For some reason this chapter title reminds me of Al Gore…

Thanks DWill for suggesting I read it again, which I have now done. I read right through The Evolution of God before I recommended we read it, and have been dipping back into it since.

As at first, I found 'What Did Jesus Do' irritating, and a weaker part of Wright's overall argument. His claim that Mark is more reliable than Matthew, Luke and John seems superficial and highly dubious. Conventional dating sets Mark at 70AD, during the Roman-Jewish War, and the others in the next generation. I have read that there is no proof of the gospels existing in their settled form for a century after that, before the late second century, although there are earlier references to ‘memoirs of the apostles’. In any case, even accepting the conventional dates, it would be like histories of the second world war written between 1985 and 2000 that rely primarily on oral testimony. Very doubtful. And if the history writers have a clear and overt political agenda, triply doubtful. It is easy to imagine them cobbling together stories from diverse sources for the purpose, as John puts it, that you may believe.

Wright’s invocation of the argument from implausibility to justify the claim that Jesus existed shows how much the terrain of religious debate has shifted. Where a generation ago people debated if God existed, the debate now is on whether Jesus existed. Hitchens also uses this argument that quirky details in the gospels would not have been thought up. And yet, if a circle of writers collaborated on the Gospels as part of a religious community, we can well imagine the scenario of them developing the story to meet the rhetorical demands of maximum plausibility, combined with the religious demand of conveying key messages. Plausibility is enhanced by quirkiness, so this argument is weak as a basis to say the gospels are anything more than fictional fantasy drawing in a range of material from history.

How I read the Gospels is that the destruction of Jerusalem by Rome greatly traumatized the Jewish people, and that Christianity arose as a ‘once for all’ way to cope with the psychological pain while also plotting revenge on the empire through the unity of the marginalised. Wright sees the cross as the clincher for the argument from implausibility. I would rather imagine that from the vantage of gospel writers after the destruction of the temple by Rome, the story of the cross was a way to displace the trauma of Roman savagery, a time when Josephus says the Romans nailed thousands of Jews to trees. The cross also has a bundle of clear cosmic references. By inventing a story in which one king is crucified to save everyone, we have an explanation of why the messiah failed, as a post hoc rationalisation of history. It is like the gospel writers said to themselves, if we did have a perfect messiah, what would he have been like? With hindsight of fifty years, Jesus Christ could not ride into Jerusalem victorious on a battle horse, but had to be plausible as a way to mythologise Jewish spiritual superiority while accepting Rome's temporal victory, through the slogan the last will be first.
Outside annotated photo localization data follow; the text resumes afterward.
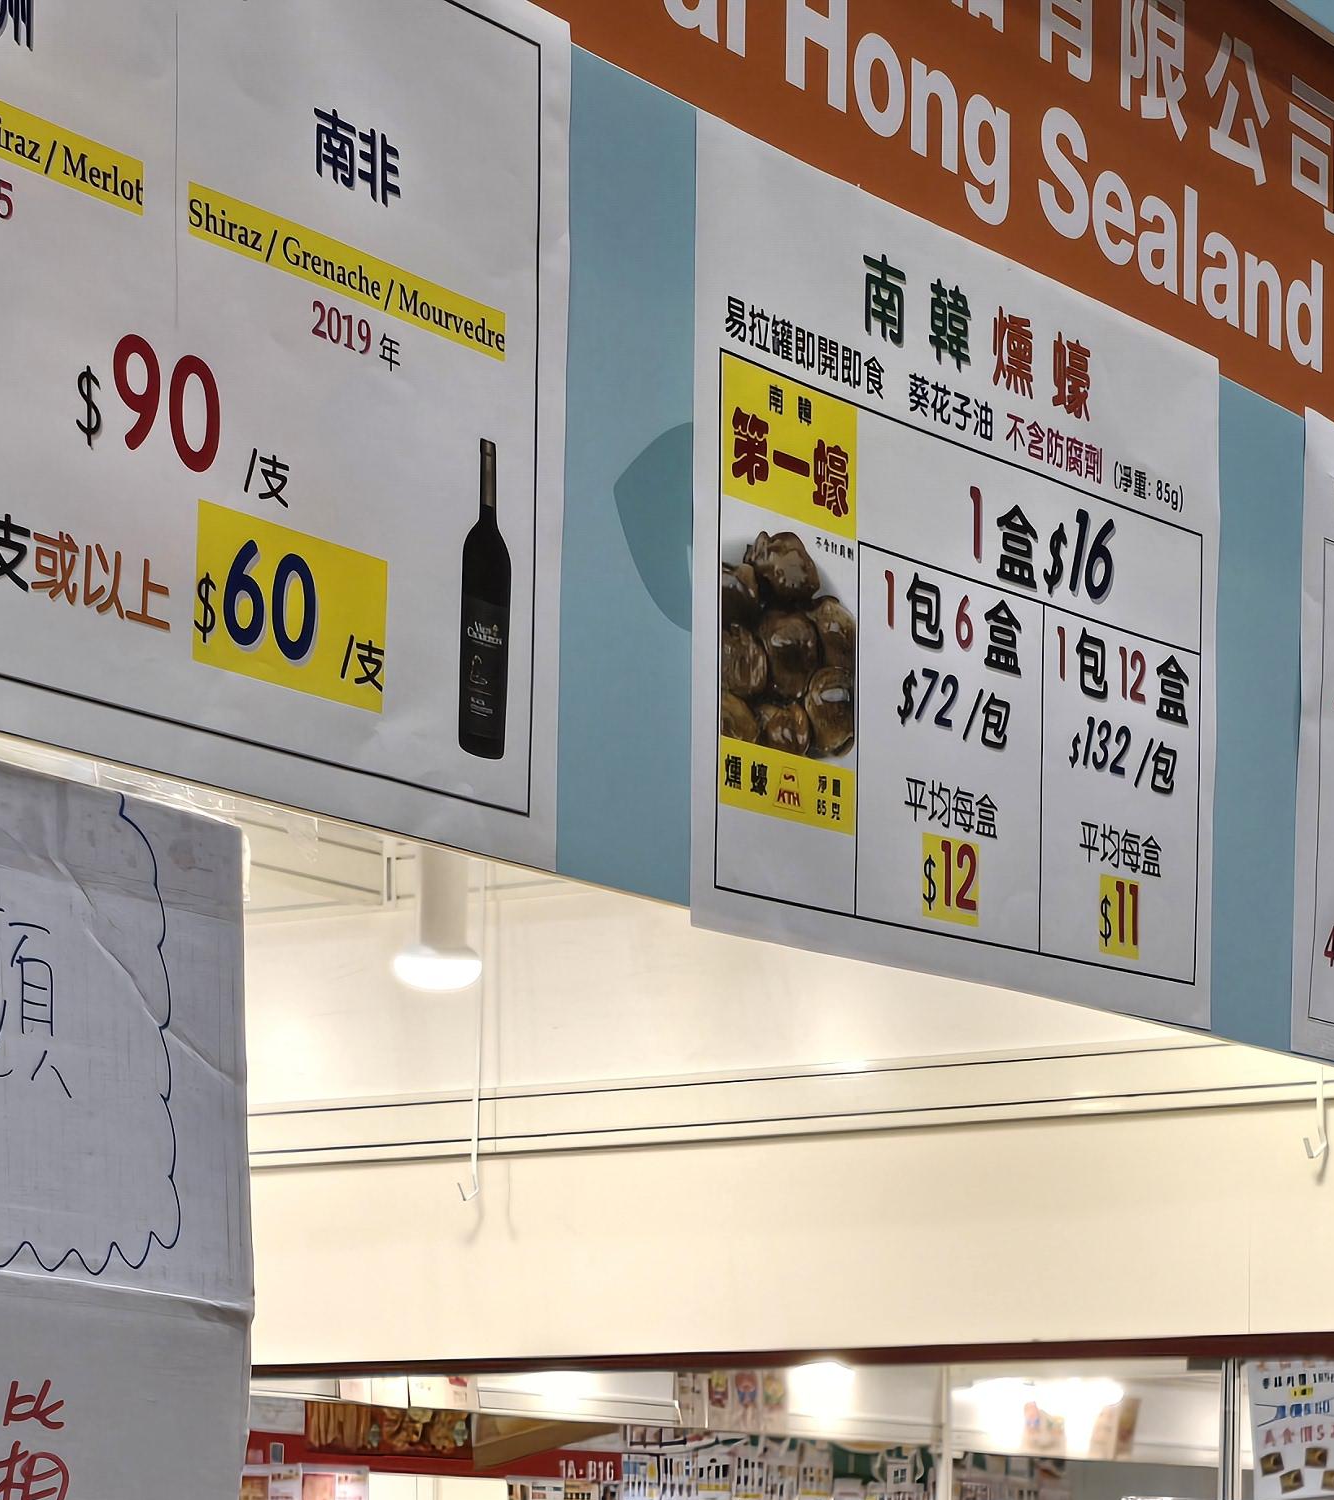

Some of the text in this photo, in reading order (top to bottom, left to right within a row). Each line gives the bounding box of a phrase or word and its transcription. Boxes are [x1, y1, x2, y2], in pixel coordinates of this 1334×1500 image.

[62, 144, 145, 205] Merlot
[312, 107, 401, 207] 南非
[784, 0, 1012, 227] Hong
[1037, 105, 1325, 374] Sealand
[187, 196, 506, 354] Shiraz Grenache Mourvedre
[310, 300, 372, 357] 2019
[723, 296, 886, 400] 易拉罐即開即食
[907, 372, 995, 443] 葵花子油
[1005, 411, 1103, 486] 不含防腐劑
[731, 406, 849, 518] 第一蠔
[192, 538, 317, 665] $60
[904, 777, 999, 841] 平均每盒
[1080, 820, 1163, 879] 平均每盒
[924, 840, 979, 912] $12
[1100, 883, 1140, 949] $11
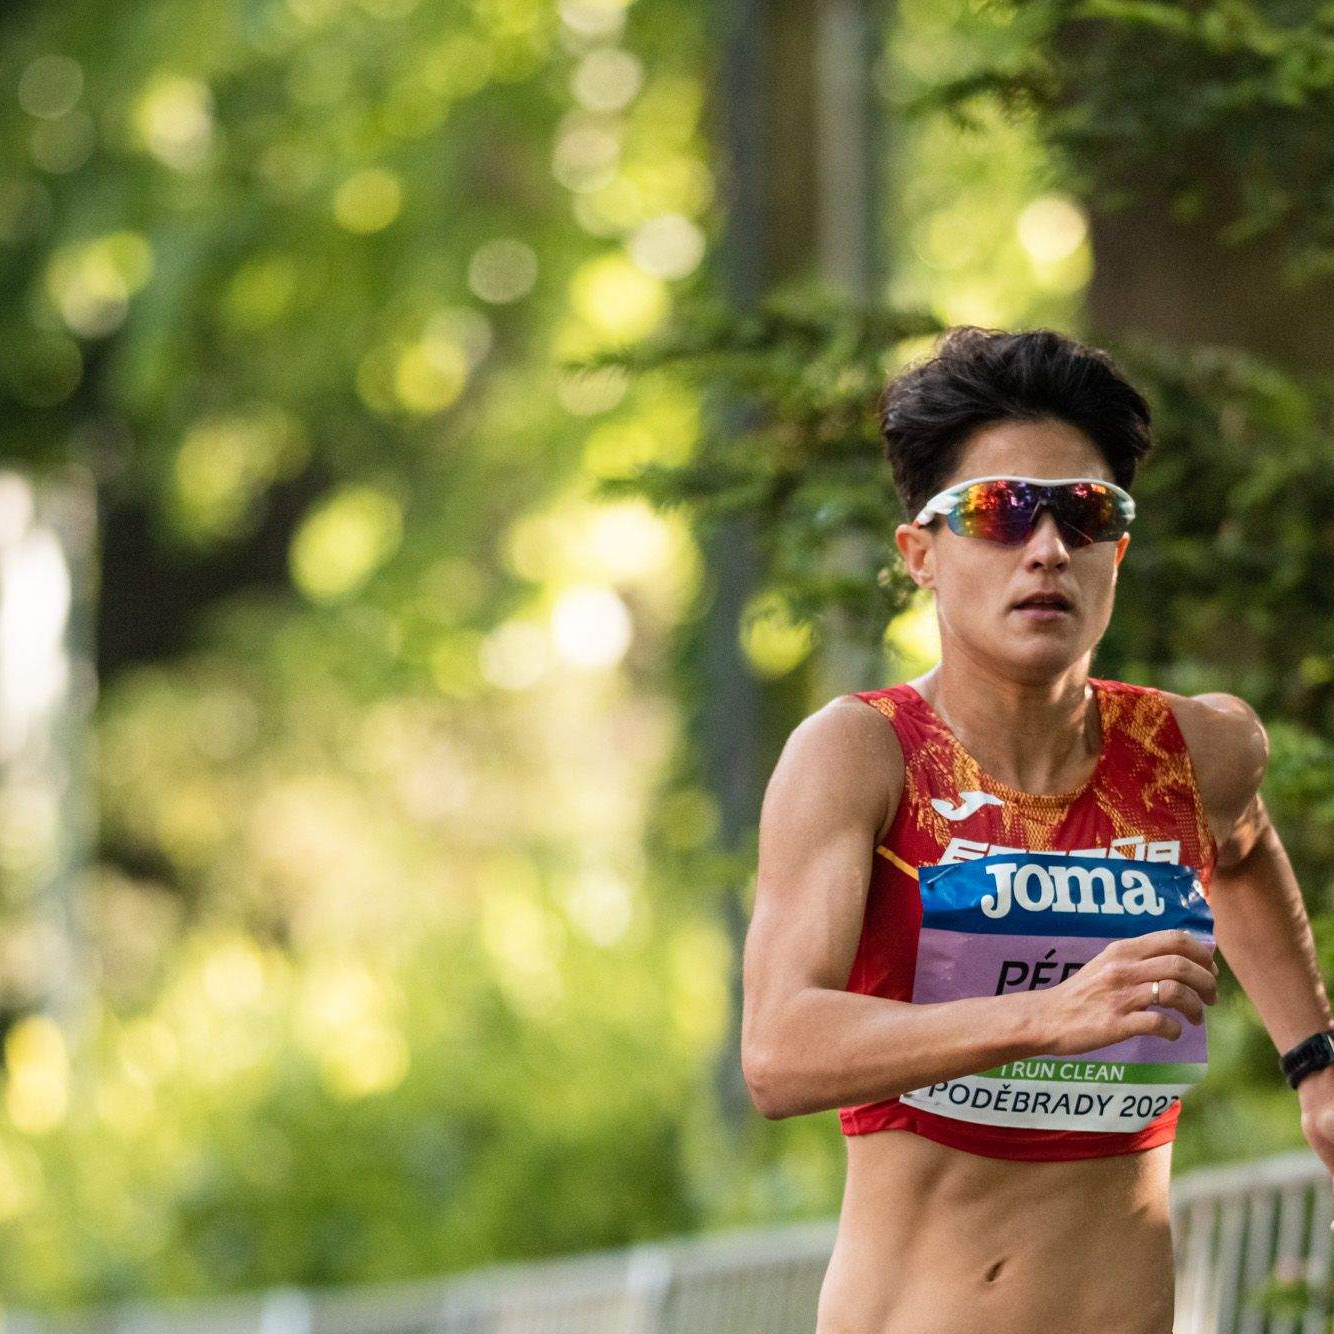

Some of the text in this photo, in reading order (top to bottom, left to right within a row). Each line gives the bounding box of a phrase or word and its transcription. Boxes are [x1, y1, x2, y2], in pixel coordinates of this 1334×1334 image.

Wright is far too certain in his assertion that Jesus existed. His claim that Mark is more reliable than the other gospels is flimsy as a way to draw a psychological portrait of Christ. If it is true that Mark was the earliest gospel, we might imagine that reviewers among the initiate group commented that the apocalyptic vision required a clearer basis in love, and that this led to the insertion of the 'love your enemies' theme in Matthew and Luke. Whatever the truth, it is interesting and valuable to seek to reconstruct a plausible path for the construction of the gospels, as a way to frame our own conceptions of salvation and to better understand psychology and history.



Last edited by Robert Tulip on Sat Oct 09, 2010 3:08 pm, edited 1 time in total.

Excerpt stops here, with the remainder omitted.